■ **Task to carry out**
The answer should contain every entry below, copied exactly.

[Stored data entries]
____
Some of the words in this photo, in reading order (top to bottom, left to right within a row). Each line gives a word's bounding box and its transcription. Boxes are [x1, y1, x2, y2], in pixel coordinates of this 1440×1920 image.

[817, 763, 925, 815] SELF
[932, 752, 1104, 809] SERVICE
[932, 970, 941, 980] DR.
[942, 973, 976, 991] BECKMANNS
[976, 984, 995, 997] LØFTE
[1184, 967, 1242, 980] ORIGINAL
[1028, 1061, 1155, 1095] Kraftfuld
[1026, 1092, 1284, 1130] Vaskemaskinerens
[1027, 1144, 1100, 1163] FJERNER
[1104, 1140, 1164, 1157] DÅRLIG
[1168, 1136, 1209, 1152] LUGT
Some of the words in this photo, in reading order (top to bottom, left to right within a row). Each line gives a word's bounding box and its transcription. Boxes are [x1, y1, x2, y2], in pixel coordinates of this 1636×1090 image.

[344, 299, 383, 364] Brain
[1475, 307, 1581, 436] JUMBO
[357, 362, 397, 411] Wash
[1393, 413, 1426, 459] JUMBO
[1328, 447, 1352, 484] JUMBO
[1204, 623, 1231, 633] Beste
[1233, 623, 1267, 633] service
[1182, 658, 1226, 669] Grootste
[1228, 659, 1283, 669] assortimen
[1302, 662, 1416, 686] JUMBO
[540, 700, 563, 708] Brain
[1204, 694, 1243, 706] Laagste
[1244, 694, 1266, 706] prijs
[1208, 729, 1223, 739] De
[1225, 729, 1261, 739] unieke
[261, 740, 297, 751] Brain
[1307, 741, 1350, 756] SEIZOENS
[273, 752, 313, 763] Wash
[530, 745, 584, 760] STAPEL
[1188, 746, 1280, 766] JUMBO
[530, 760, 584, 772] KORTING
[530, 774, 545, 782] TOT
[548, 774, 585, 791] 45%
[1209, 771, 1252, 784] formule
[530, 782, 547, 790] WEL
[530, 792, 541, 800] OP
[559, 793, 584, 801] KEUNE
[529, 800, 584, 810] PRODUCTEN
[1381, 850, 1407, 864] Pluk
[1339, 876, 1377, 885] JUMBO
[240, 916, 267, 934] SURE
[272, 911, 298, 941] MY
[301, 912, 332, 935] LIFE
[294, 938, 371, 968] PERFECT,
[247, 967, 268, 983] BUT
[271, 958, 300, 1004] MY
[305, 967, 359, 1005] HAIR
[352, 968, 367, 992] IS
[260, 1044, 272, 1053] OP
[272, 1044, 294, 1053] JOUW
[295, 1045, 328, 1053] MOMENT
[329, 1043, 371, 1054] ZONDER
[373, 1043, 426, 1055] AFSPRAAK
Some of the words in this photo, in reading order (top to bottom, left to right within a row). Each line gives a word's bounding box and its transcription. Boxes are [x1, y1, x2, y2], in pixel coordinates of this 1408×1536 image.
____
■ **Expected answer**
Some of the words in this photo, in reading order (top to bottom, left to right within a row). Each line gives a word's bounding box and its transcription. Boxes are [x1, y1, x2, y2], in pixel coordinates of this 1440×1920 image.

[817, 763, 925, 815] SELF
[932, 752, 1104, 809] SERVICE
[932, 970, 941, 980] DR.
[942, 973, 976, 991] BECKMANNS
[976, 984, 995, 997] LØFTE
[1184, 967, 1242, 980] ORIGINAL
[1028, 1061, 1155, 1095] Kraftfuld
[1026, 1092, 1284, 1130] Vaskemaskinerens
[1027, 1144, 1100, 1163] FJERNER
[1104, 1140, 1164, 1157] DÅRLIG
[1168, 1136, 1209, 1152] LUGT
Some of the words in this photo, in reading order (top to bottom, left to right within a row). Each line gives a word's bounding box and its transcription. Boxes are [x1, y1, x2, y2], in pixel coordinates of this 1636×1090 image.

[344, 299, 383, 364] Brain
[1475, 307, 1581, 436] JUMBO
[357, 362, 397, 411] Wash
[1393, 413, 1426, 459] JUMBO
[1328, 447, 1352, 484] JUMBO
[1204, 623, 1231, 633] Beste
[1233, 623, 1267, 633] service
[1182, 658, 1226, 669] Grootste
[1228, 659, 1283, 669] assortimen
[1302, 662, 1416, 686] JUMBO
[540, 700, 563, 708] Brain
[1204, 694, 1243, 706] Laagste
[1244, 694, 1266, 706] prijs
[1208, 729, 1223, 739] De
[1225, 729, 1261, 739] unieke
[261, 740, 297, 751] Brain
[1307, 741, 1350, 756] SEIZOENS
[273, 752, 313, 763] Wash
[530, 745, 584, 760] STAPEL
[1188, 746, 1280, 766] JUMBO
[530, 760, 584, 772] KORTING
[530, 774, 545, 782] TOT
[548, 774, 585, 791] 45%
[1209, 771, 1252, 784] formule
[530, 782, 547, 790] WEL
[530, 792, 541, 800] OP
[559, 793, 584, 801] KEUNE
[529, 800, 584, 810] PRODUCTEN
[1381, 850, 1407, 864] Pluk
[1339, 876, 1377, 885] JUMBO
[240, 916, 267, 934] SURE
[272, 911, 298, 941] MY
[301, 912, 332, 935] LIFE
[294, 938, 371, 968] PERFECT,
[247, 967, 268, 983] BUT
[271, 958, 300, 1004] MY
[305, 967, 359, 1005] HAIR
[352, 968, 367, 992] IS
[260, 1044, 272, 1053] OP
[272, 1044, 294, 1053] JOUW
[295, 1045, 328, 1053] MOMENT
[329, 1043, 371, 1054] ZONDER
[373, 1043, 426, 1055] AFSPRAAK
Some of the words in this photo, in reading order (top to bottom, left to right within a row). Each line gives a word's bounding box and its transcription. Boxes are [x1, y1, x2, y2], in pixel coordinates of this 1408×1536 image.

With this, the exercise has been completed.